I remember when my school did this... by gergi · 2002-01-16 07:44 · Score: 5, Interesting

A few years ago, when I was a 2nd or 3rd year at Virginia Tech, some professor implemented a cheating detector into the automated grader for a class called Intro to C++.
Prior to that year, VT had an average of 75 cheating violations for the WHOLE university (25000+ students). For that one class, on one assignment, 150 students were found cheating by the cheating detector... out of the 500 or so students in the class.

Funny as hell

--
Nosce te Ipsum

Re:I remember when my school did this... by deander2 · 2002-01-16 08:27 · Score: 3, Interesting

Yep, I was there that year. It was Dr. Walker who implemented the system. Walker is a fast-moving but excellent programming teacher. That one class did more for the quality and structure of my programming than anything else I have done either before or since. (I'm now leading a team of programmers for the DOD doing a enterprise level java application, btw.)

--
http://kered.org

Re:Real-world vs. school by susano_otter · 2002-01-16 07:49 · Score: 3, Interesting

Good point. I know a 4th year student who doesn't know C, but watch out his Counter-Strike skills are amazing.

Sigh... when will schools implement the other kind of cheating detector?

--

Any sufficiently well-organized community is indistinguishable from Government.

Cheating by Carnage4Life · 2002-01-16 07:50 · Score: 5, Interesting

CmdrTaco says:
Cuz remember programmers: in the real world you are fired if you consult with a co-worker ;)

As someone who TAed classes at GA Tech, I take a lot of offense at this comment. There is a difference between working as a team on project based classes (of which GA Tech has a good number off including classes where we got to hack the Linux kernel and another where we got to deliver a product to a customer) once you've shown you understand the basics of programming and wholesale copying of other people's work in entry level classes where you are supposed to be learning to program on your own.

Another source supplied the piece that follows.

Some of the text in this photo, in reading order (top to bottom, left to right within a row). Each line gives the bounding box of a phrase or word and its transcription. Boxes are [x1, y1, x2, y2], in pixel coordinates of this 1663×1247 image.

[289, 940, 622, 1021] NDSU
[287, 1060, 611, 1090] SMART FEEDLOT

Beginning programmers need to learn how to program, find information from MAN pages & API docs, and come up with solutions on their own before being introduced into team based environments. If not they never learn how to be self sufficient or even if they are cut out for programming at all.

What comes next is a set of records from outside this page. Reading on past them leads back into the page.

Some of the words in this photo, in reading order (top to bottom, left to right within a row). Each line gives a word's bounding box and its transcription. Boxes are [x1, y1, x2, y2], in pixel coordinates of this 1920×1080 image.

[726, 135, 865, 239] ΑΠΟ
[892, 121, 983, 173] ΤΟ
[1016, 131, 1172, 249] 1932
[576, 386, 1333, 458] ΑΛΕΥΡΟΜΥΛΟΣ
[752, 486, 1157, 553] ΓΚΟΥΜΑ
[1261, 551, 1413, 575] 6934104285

It is true that in the real world no man is an island but on the flip side, how many people have worked with co-workers who completely clueless about how to perform their jobs but held degrees or certifications that implied they shoould be knowledgeable about programming? These are the kind of people who hid behind the work of others in team based projects and submitted others work on individual projects.

Slashdot Boggles Me Again... by jmaslak · 2002-01-16 07:57 · Score: 5, Interesting

The responses here, at least the ones along the lines of "But collaboration is allowed in the real world" sicken me. I would (and HAVE) fired programmers who couldn't program simple stuff on thier own. The collaboration in industry is not anywhere near the level of syntax and elementry algorithm design.

A University degree is supposed to signify that you demonstrated knowledge in certain areas.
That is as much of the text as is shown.